Work task: When copying the records below, omit any image and print everything else exactly.

Given records:
● ● ● ● ● ● ●
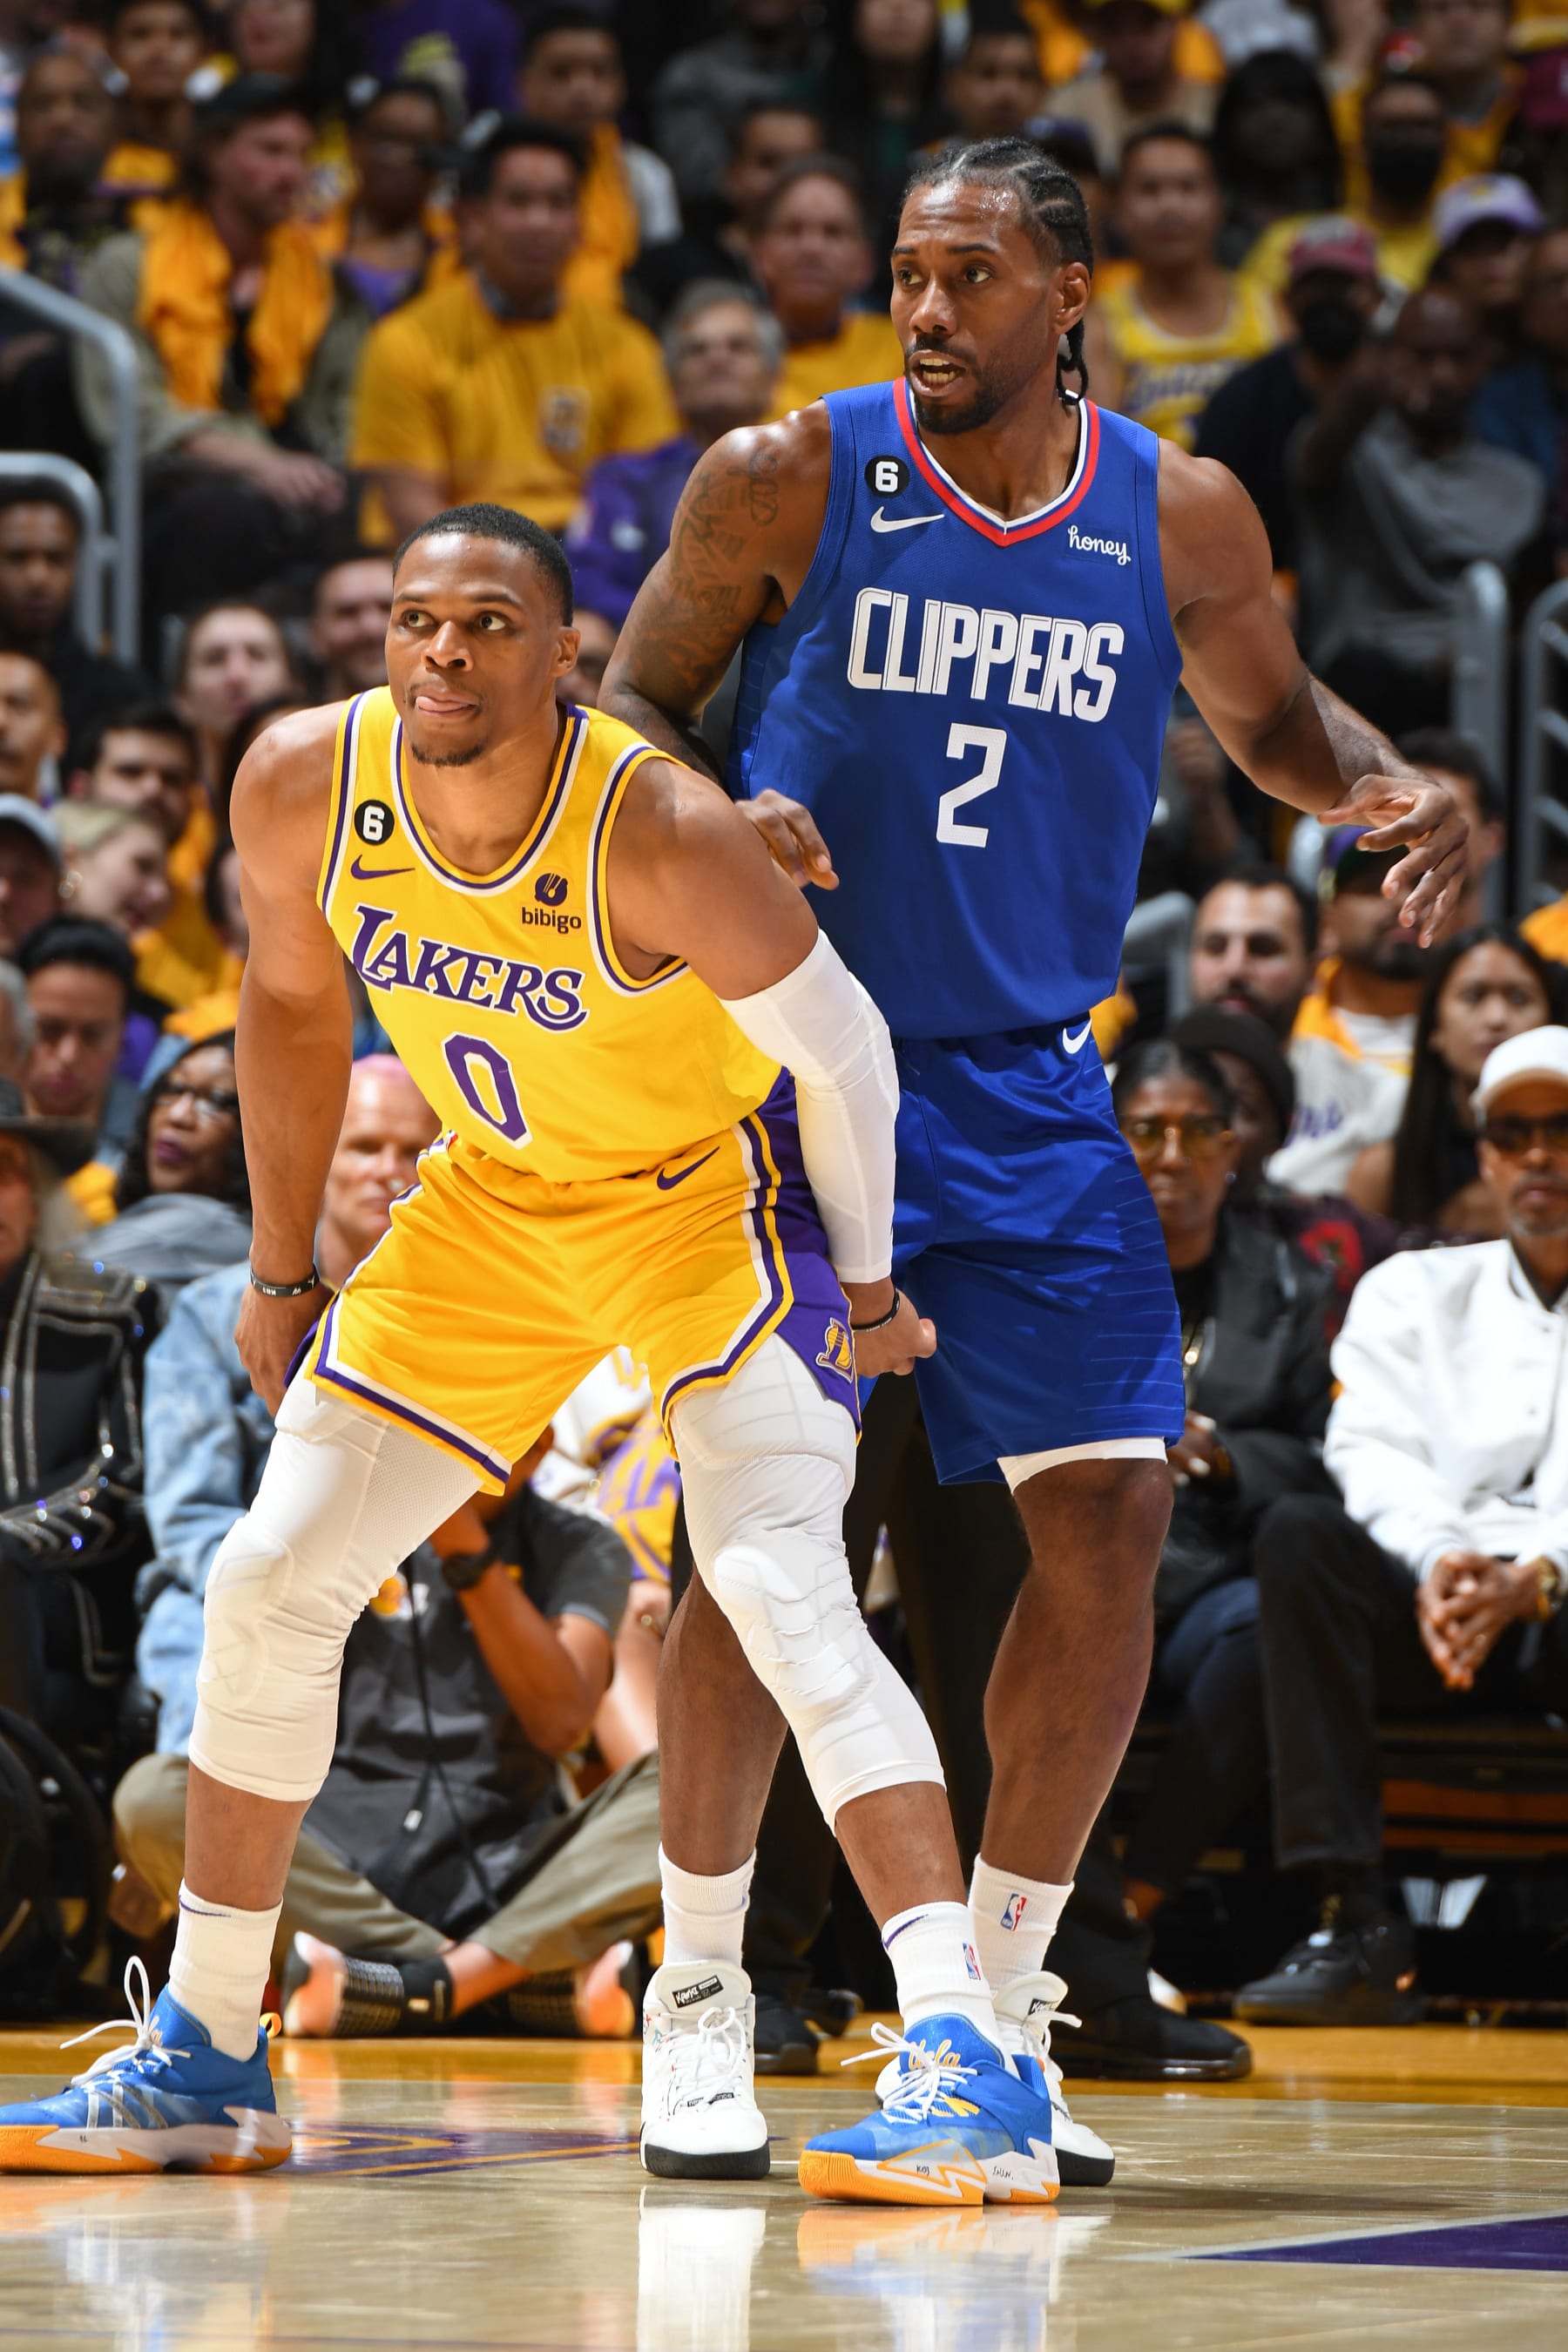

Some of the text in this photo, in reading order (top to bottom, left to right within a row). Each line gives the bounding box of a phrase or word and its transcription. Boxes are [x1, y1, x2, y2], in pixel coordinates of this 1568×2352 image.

[875, 461, 898, 492] 6
[1068, 525, 1131, 565] honey
[847, 587, 1125, 722] CLIPPERS
[362, 806, 385, 841] 6
[936, 723, 1007, 848] 2
[522, 907, 582, 934] bibigo
[349, 903, 591, 1033] LAKERS
[442, 1031, 532, 1150] 0
● ● ● ● ● ● ●
Response to the exercise:
Some of the text in this photo, in reading order (top to bottom, left to right within a row). Each line gives the bounding box of a phrase or word and its transcription. Boxes are [x1, y1, x2, y2], in pixel coordinates of this 1568×2352 image.

[875, 461, 898, 492] 6
[1068, 525, 1131, 565] honey
[847, 587, 1125, 722] CLIPPERS
[362, 806, 385, 841] 6
[936, 723, 1007, 848] 2
[522, 907, 582, 934] bibigo
[349, 903, 591, 1033] LAKERS
[442, 1031, 532, 1150] 0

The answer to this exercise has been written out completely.